Title: Rheumatoid Arthritis - Clinical Aspects (ACR): Impact of Various Interventions and Therapeutic Approaches

Session Type: Abstract Submissions (ACR)

Background/Purpose

Although a combination with MTX is recommended for all biologics, data from different registries around the world show that in real life around 30% of all RA patients are treated in mono therapy. However, data on safety and efficacy of Etanercept (ETN) as mono therapy in dally practice are rare.

Methods

Adults with RA newly initiating ETN have been included into this non-interventional study.

Due to the non-interventional nature of the study, no specific requirements were specified with regard to the management of treatment. The physician could decide on dosing and the duration of treatment according to the treatment needs of each individual patient. At seven data collection points the course of the disease was documented for up to 52 weeks. Safety, efficacy as well as health outcome parameters have been assessed.

Results

4871 patients have been included into this study. 1090 of these have continuously been  treated with ETN and 1441 with ETN + MTX. There have been no statistically differences regarding all baseline characteristics. The mean disease duration was 10.6±10.3 years in the ETN and  9.7±8.9 years in the ETN + MTX group.

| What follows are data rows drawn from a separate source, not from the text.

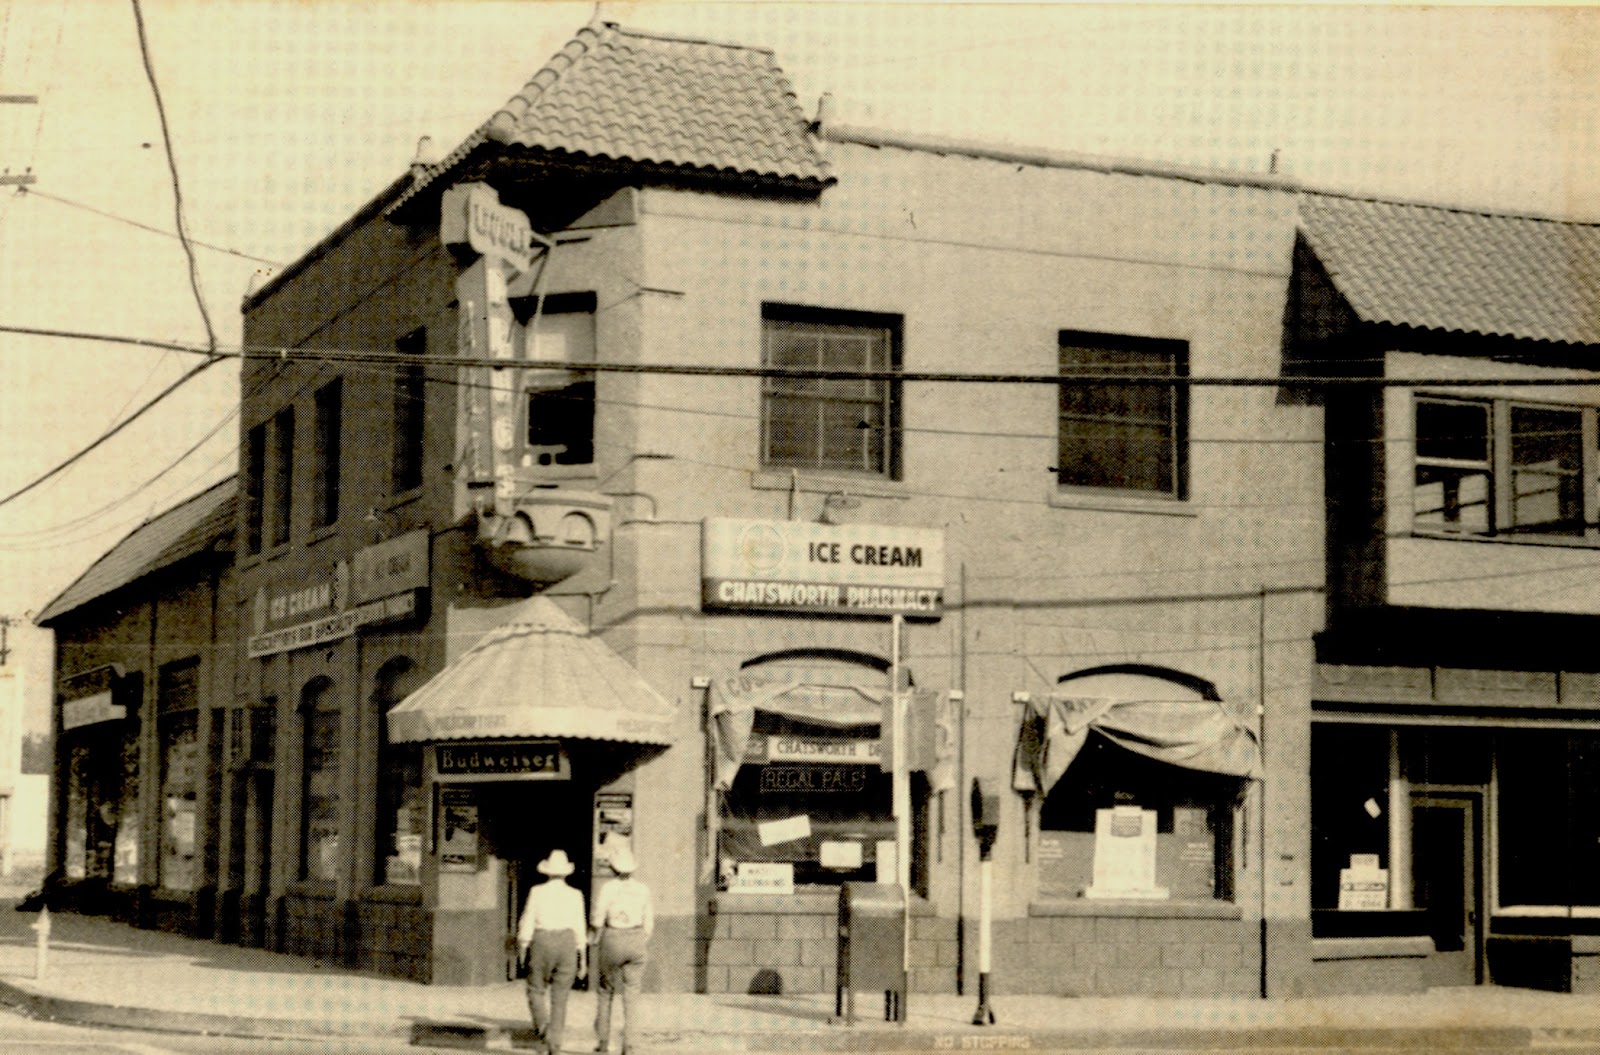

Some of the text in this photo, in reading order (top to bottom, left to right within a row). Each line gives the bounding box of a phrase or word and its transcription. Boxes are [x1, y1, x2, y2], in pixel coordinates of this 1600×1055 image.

[809, 542, 922, 568] ICE CREAM
[718, 581, 939, 611] CHATSWORTH PHARMACY
[442, 748, 555, 768] Budweiser
[777, 740, 857, 756] CHATSWORTH
[766, 770, 815, 790] REGAL
[961, 1035, 1032, 1050] STOPPING
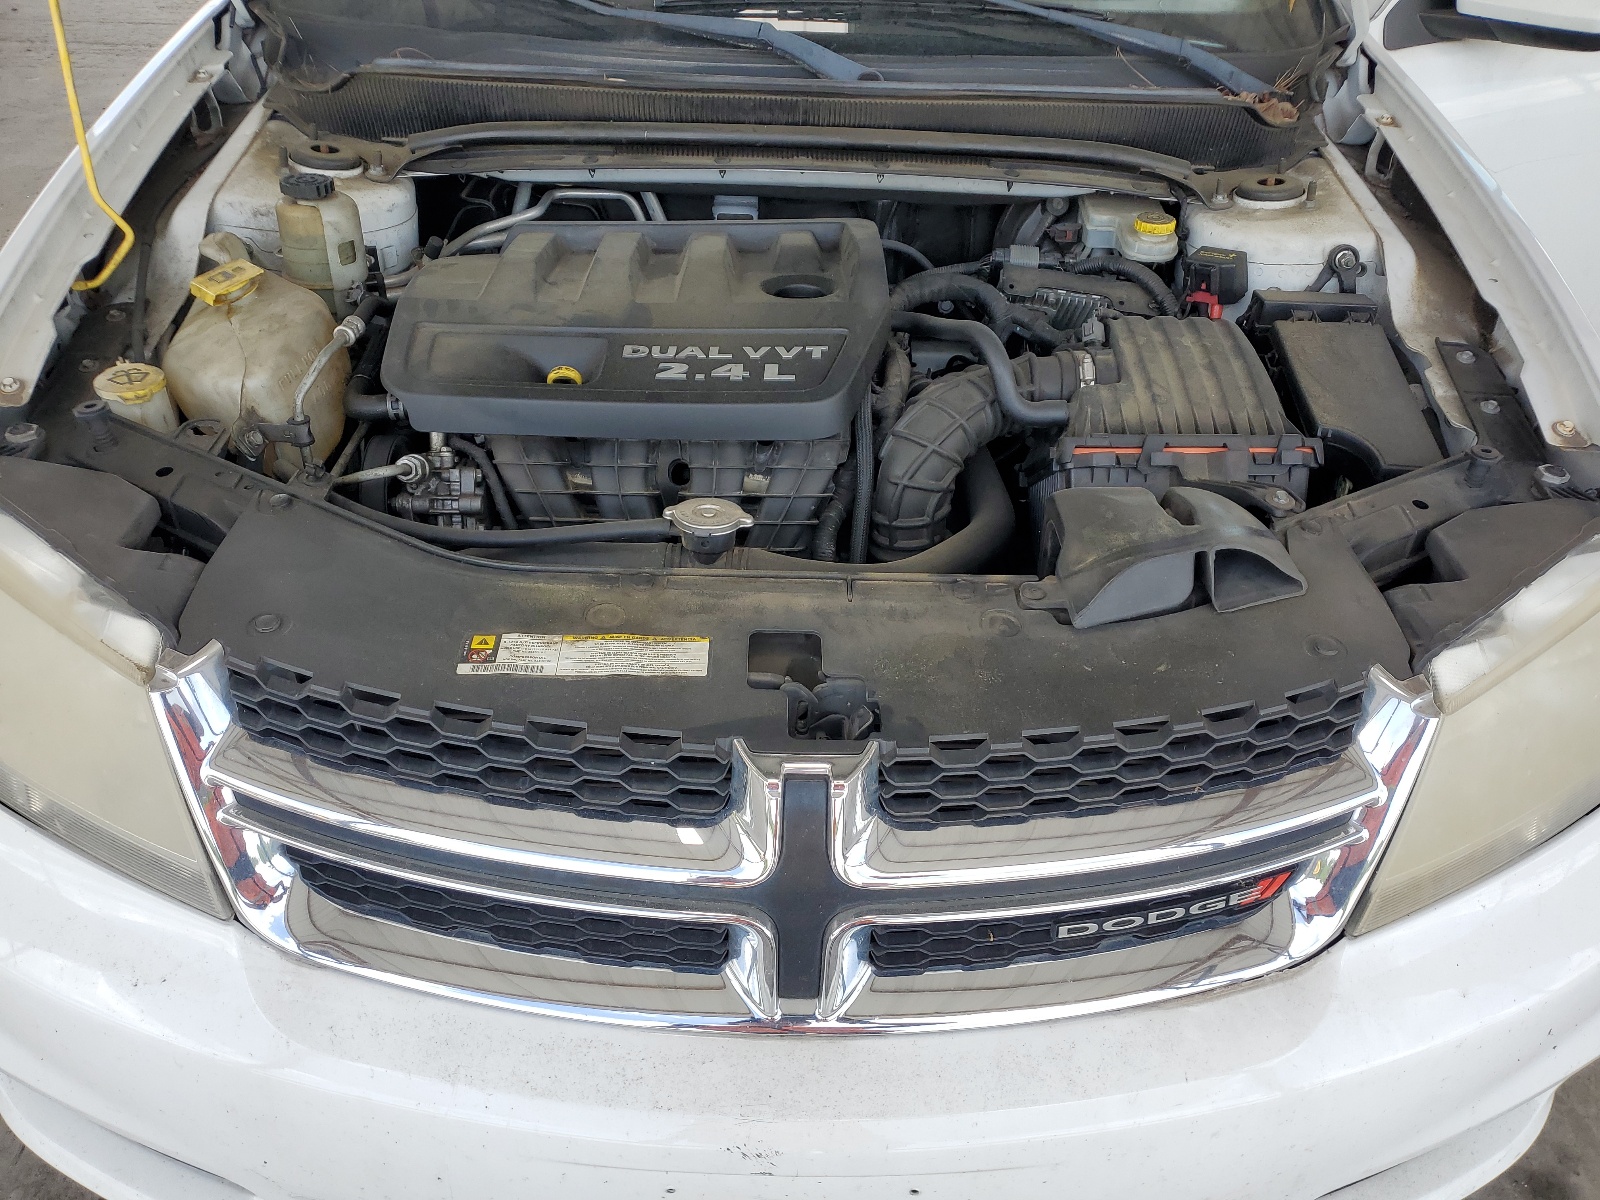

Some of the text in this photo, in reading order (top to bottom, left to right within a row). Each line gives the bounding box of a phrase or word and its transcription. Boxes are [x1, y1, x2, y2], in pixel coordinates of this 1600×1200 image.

They have been pretreated with 2.9±1.6 and 2.7±1.2 DMARDs respectively. From a mean baseline value of 5.5±1.3 and 5.3±1.3 score points, the DAS28 continually decreased to 3.4±1.4 and 3.2±1.3 at visit 7. At week 52 slightly less patients with ETN reached DAS28 remission (DAS28<2,6) as with ETN+MTX (32.5% [29.0-36.1%] vs. 35.4% [32.5-38.3%]). Concurrently with the DAS28 also the mean disease activity (patient global assessment, visual analogue scale VAS), pain (VAS) and fatigue (VAS) improved in both treatment groups. Duration of morning stiffness decreased in the ETN group from 78.7±88.1 to 26.2±50.6 min and in the ETN + MTX group from 72.6±81.1 to 21.8±50.6 min.  38.4 % [35.1 – 41.7%] of patients with ETN reached a functional remission (FFbH) at week 52 (vs. 44.3 % [41.5 – 47.2%] under ETN+MTX therapy). In both groups the treatment was well tolerated and no new safety signals have been observed.

Conclusion

Etanercept rapidly reduces diseases activity in combination with MTX as well as in mono therapy . Abaout half of the patients stay on their initial  treatment regime (mono or combination with MTX) in daily practice over 52 weeks. Within this study no new safety signals occurred and Etanercept was well tolerated in mono and combination therapy.


Disclosure:

K. H. Goettl,

Pfizer Inc, Roche, Janssen -Cilag, MSD,

5,

Pfizer Inc, Abbvie,

8;

M. Gaubitz,

Pfizer Inc; Abbvie, Chugai, MSD, Roche, BMS,

5,

Pfizer Inc; Abbvie, Chugai, MSD, Roche, BMS,

8;

A. Krause,

Abbvie, Roche,

2,

Pfizer Inc, Abbvie, Roche, BMS, MSD,

5,

Pfizer Inc, Abbvie, Roche, BMS, MSD, UCB,

8;

U. Lendl,

Pfizer Inc,

3;

R. Lippe,

Pfizer Inc,

1,

Pfizer Inc,

3;

T. Meng,

Pfizer Inc,

1,

Pfizer Inc,

3;

P. A. Loeschmann,

Pfizer Inc,

1,

Pfizer Inc,

3.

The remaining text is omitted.